● Goal of the exercise: Omit every picture and write out the rest of the records exactly.

━━ Records provided ━━

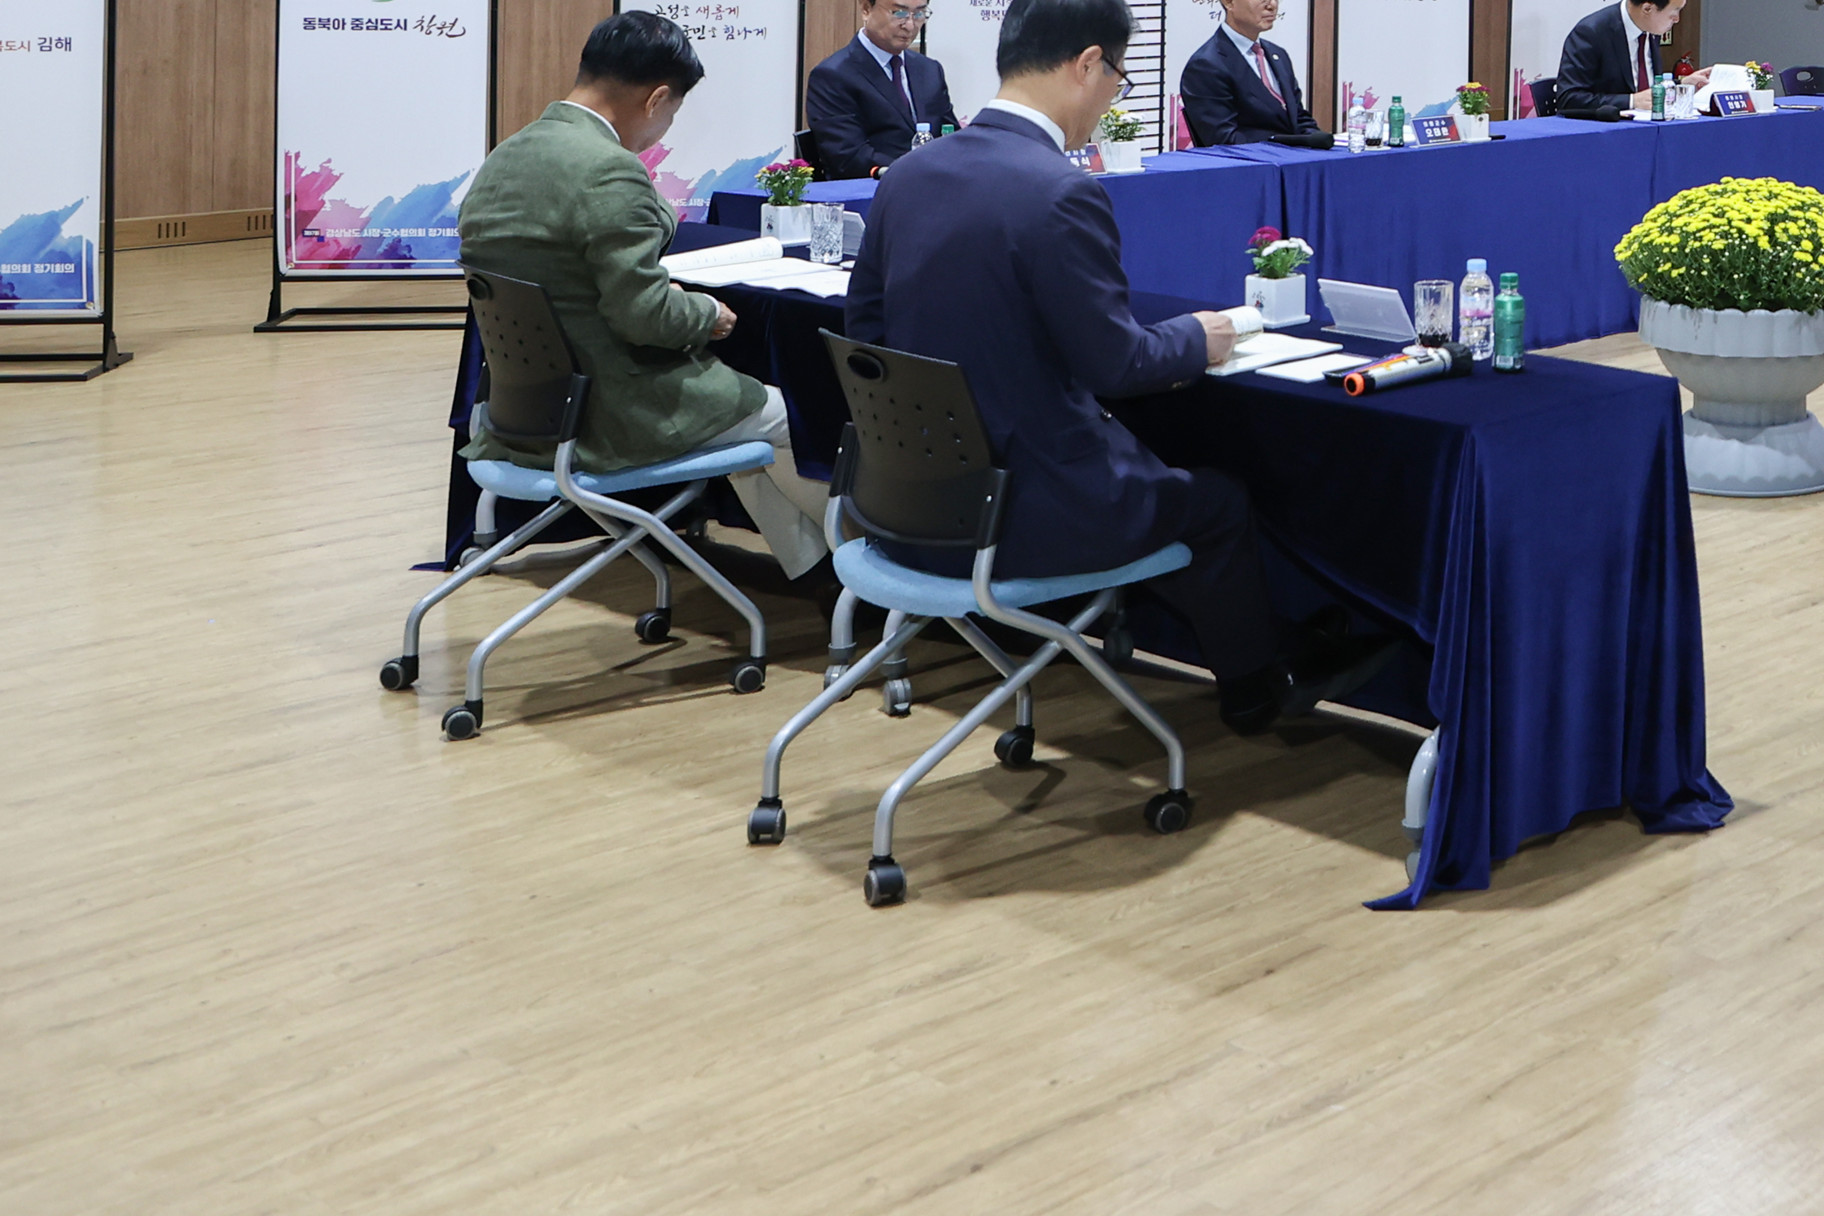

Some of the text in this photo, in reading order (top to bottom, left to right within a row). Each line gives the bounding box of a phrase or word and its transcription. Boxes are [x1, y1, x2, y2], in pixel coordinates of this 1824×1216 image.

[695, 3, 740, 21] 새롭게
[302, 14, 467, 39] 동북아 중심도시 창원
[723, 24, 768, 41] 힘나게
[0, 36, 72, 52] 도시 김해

━━━

● Response to this task:
Some of the text in this photo, in reading order (top to bottom, left to right within a row). Each line gives the bounding box of a phrase or word and its transcription. Boxes are [x1, y1, x2, y2], in pixel coordinates of this 1824×1216 image.

[695, 3, 740, 21] 새롭게
[302, 14, 467, 39] 동북아 중심도시 창원
[723, 24, 768, 41] 힘나게
[0, 36, 72, 52] 도시 김해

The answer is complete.